• WORK TO COMPLETE
A full, word-for-word copy of the listing below is needed; leave the images out of it.

• RECORDS FOR THE TASK
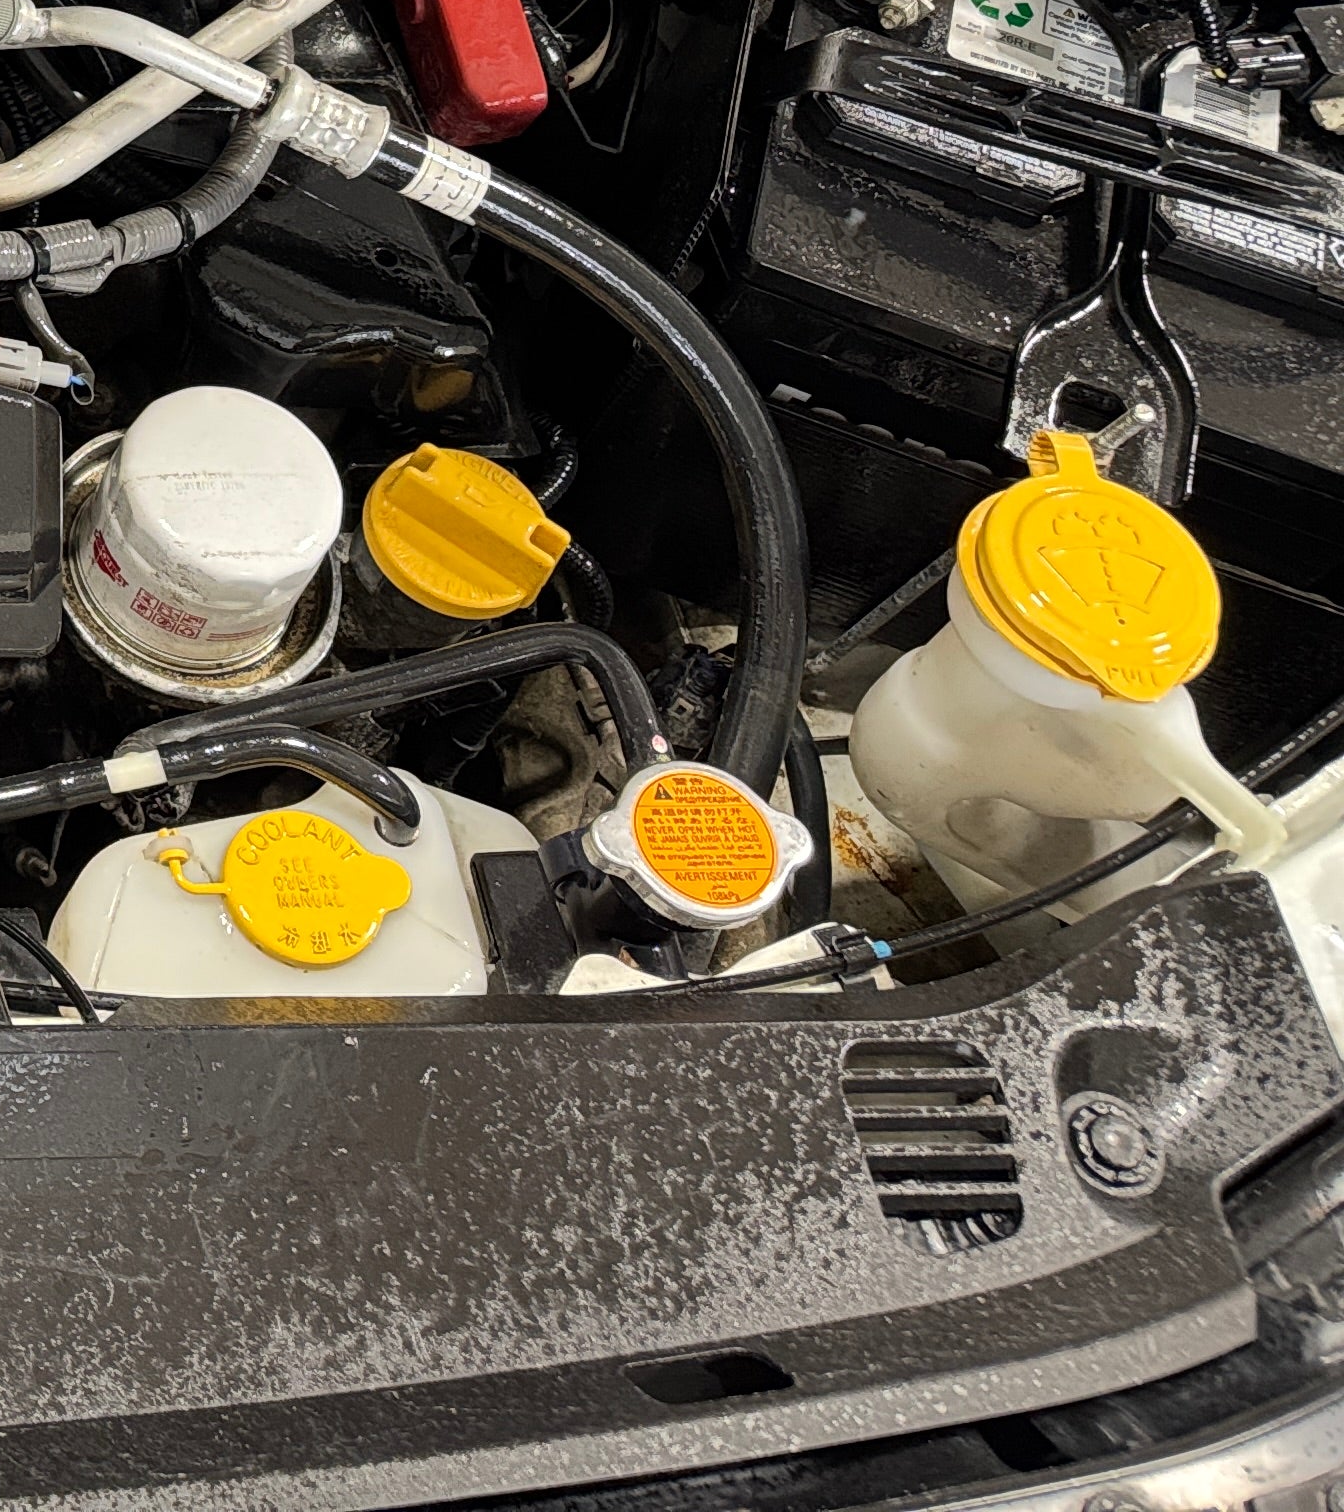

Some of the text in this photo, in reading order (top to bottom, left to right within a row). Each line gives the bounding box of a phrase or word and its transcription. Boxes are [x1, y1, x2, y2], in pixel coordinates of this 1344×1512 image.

[1105, 666, 1159, 688] PULL
[672, 786, 727, 795] WARNING
[644, 825, 674, 834] NEVER
[678, 825, 703, 834] OPEN
[706, 825, 735, 834] WHEN
[236, 816, 362, 866] COOLANT
[661, 835, 689, 843] JAMAIS
[691, 835, 723, 843] OUVRIR
[732, 834, 760, 843] CHAUD
[279, 856, 312, 874] SEE
[675, 871, 758, 882] AVERTISSEMENT
[276, 893, 345, 909] MANUAL

• SOLUTION
Some of the text in this photo, in reading order (top to bottom, left to right within a row). Each line gives the bounding box of a phrase or word and its transcription. Boxes are [x1, y1, x2, y2], in pixel coordinates of this 1344×1512 image.

[1105, 666, 1159, 688] PULL
[672, 786, 727, 795] WARNING
[644, 825, 674, 834] NEVER
[678, 825, 703, 834] OPEN
[706, 825, 735, 834] WHEN
[236, 816, 362, 866] COOLANT
[661, 835, 689, 843] JAMAIS
[691, 835, 723, 843] OUVRIR
[732, 834, 760, 843] CHAUD
[279, 856, 312, 874] SEE
[675, 871, 758, 882] AVERTISSEMENT
[276, 893, 345, 909] MANUAL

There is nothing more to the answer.